Workers Compensation Lump Sum Compensation
Lump Sum Compensation is possible if you have injured yourself at work or become sick due to work in New South Wales, you are entitled to lodge a workers compensation claim with the state-based scheme, icare, which is an insurance corporation owned by the New South Wales Government.
Under the workers compensation scheme in NSW, injured workers are generally entitled to three main benefits as follows:
- Reasonable medical expenses occurred as a result of a work-related injury or illness, and the associated travelling expenses and rehabilitation.
- Loss of income in the form of weekly payments while you are not fit for work.
- Lump sum compensation for permanent impairment.
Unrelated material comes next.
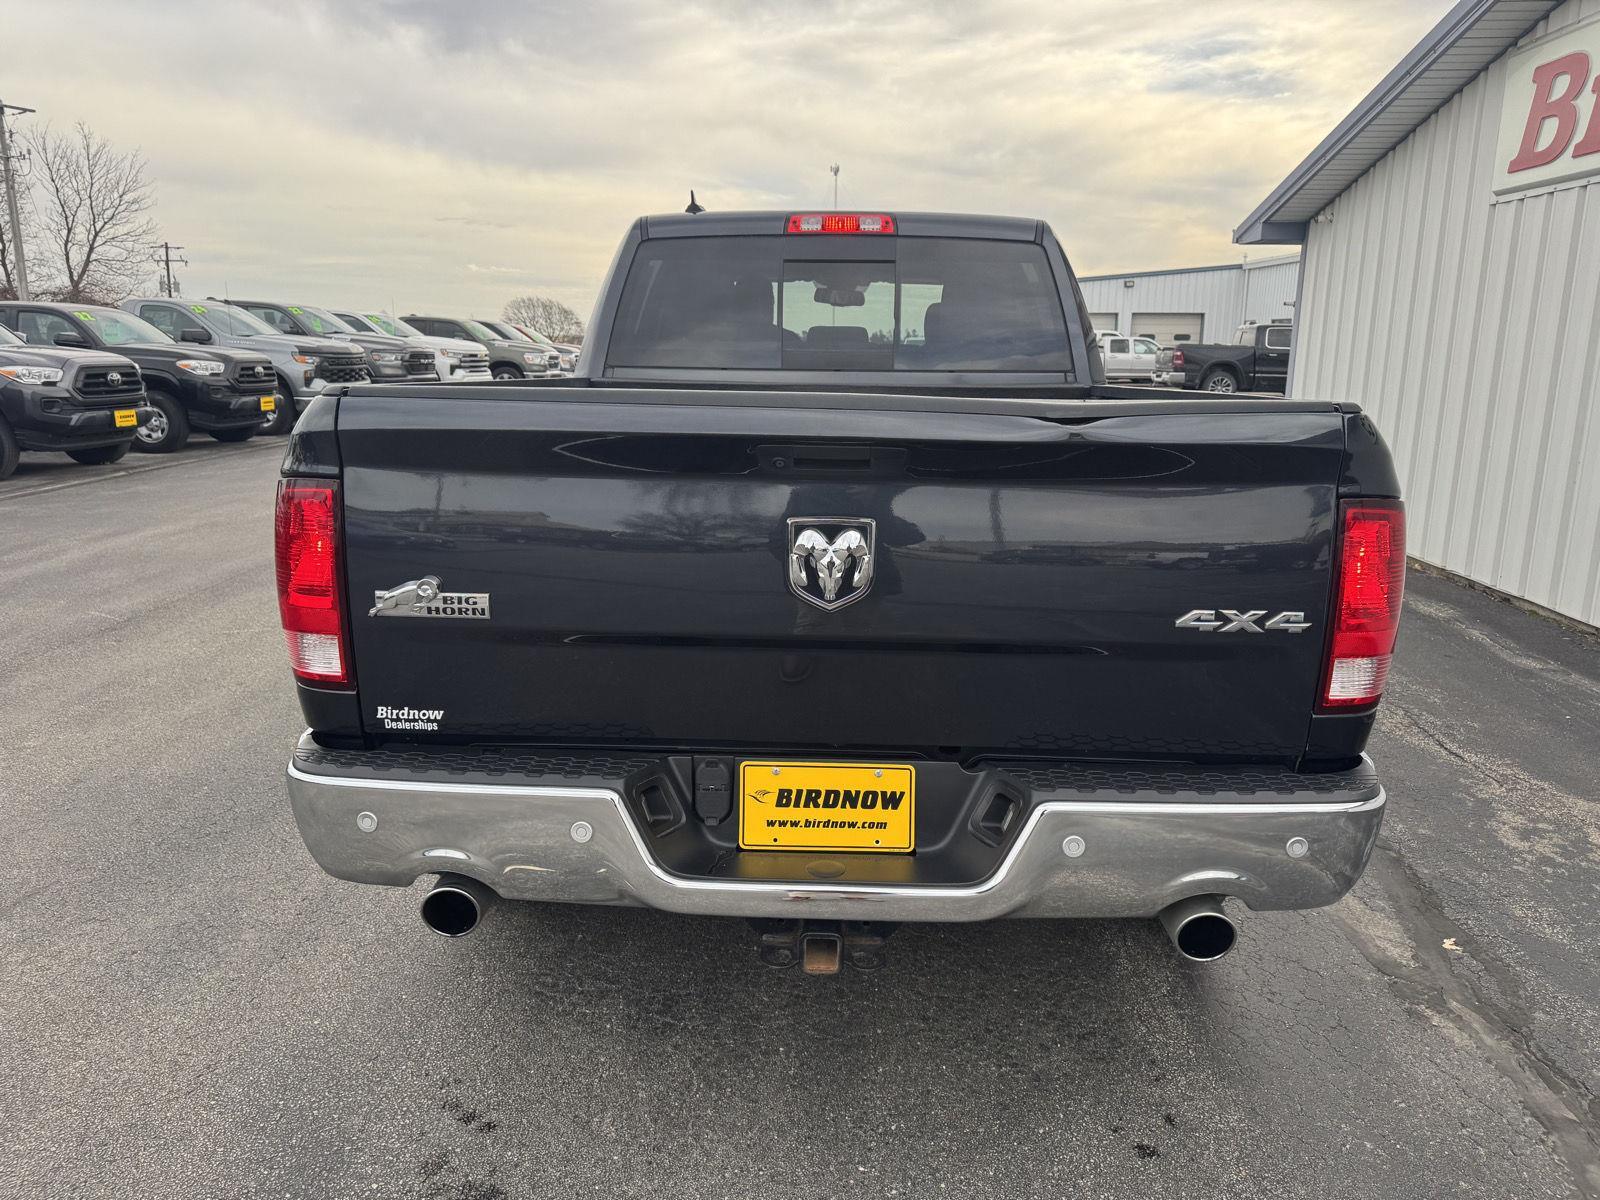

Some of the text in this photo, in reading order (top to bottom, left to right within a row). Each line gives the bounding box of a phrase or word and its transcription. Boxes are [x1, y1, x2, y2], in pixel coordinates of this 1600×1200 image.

Today, we are looking at lump sum compensation for permanent impairment which is one of the main three statutory benefits under the scheme.
Who is eligible to make a lump sum claim?
If you have suffered permanent impairment as a result of the work-related injury or illness, you may be entitled to receive a lump sum payment as compensation.
Permanent impairment can be defined as permanent damage or loss to any part of the bodily system or function which impairs the physical and/or mental ability of a worker. Some examples of physical injuries that lead to permanent impairment are as follows:
- Surgeries, such as spinal surgery and joint replacement
- Injuries that affect multiple body parts
- Shoulders, elbows or knees with restricted range of movement
- Hearing loss caused by work
- Nerve damage
- Disc bulges
Injuries that cause permanent impairment can also be psychological. For instance, a psychiatric disorder such as PTSD can be considered permanent, if it is determined by a psychiatrist that it is likely to continue indefinitely.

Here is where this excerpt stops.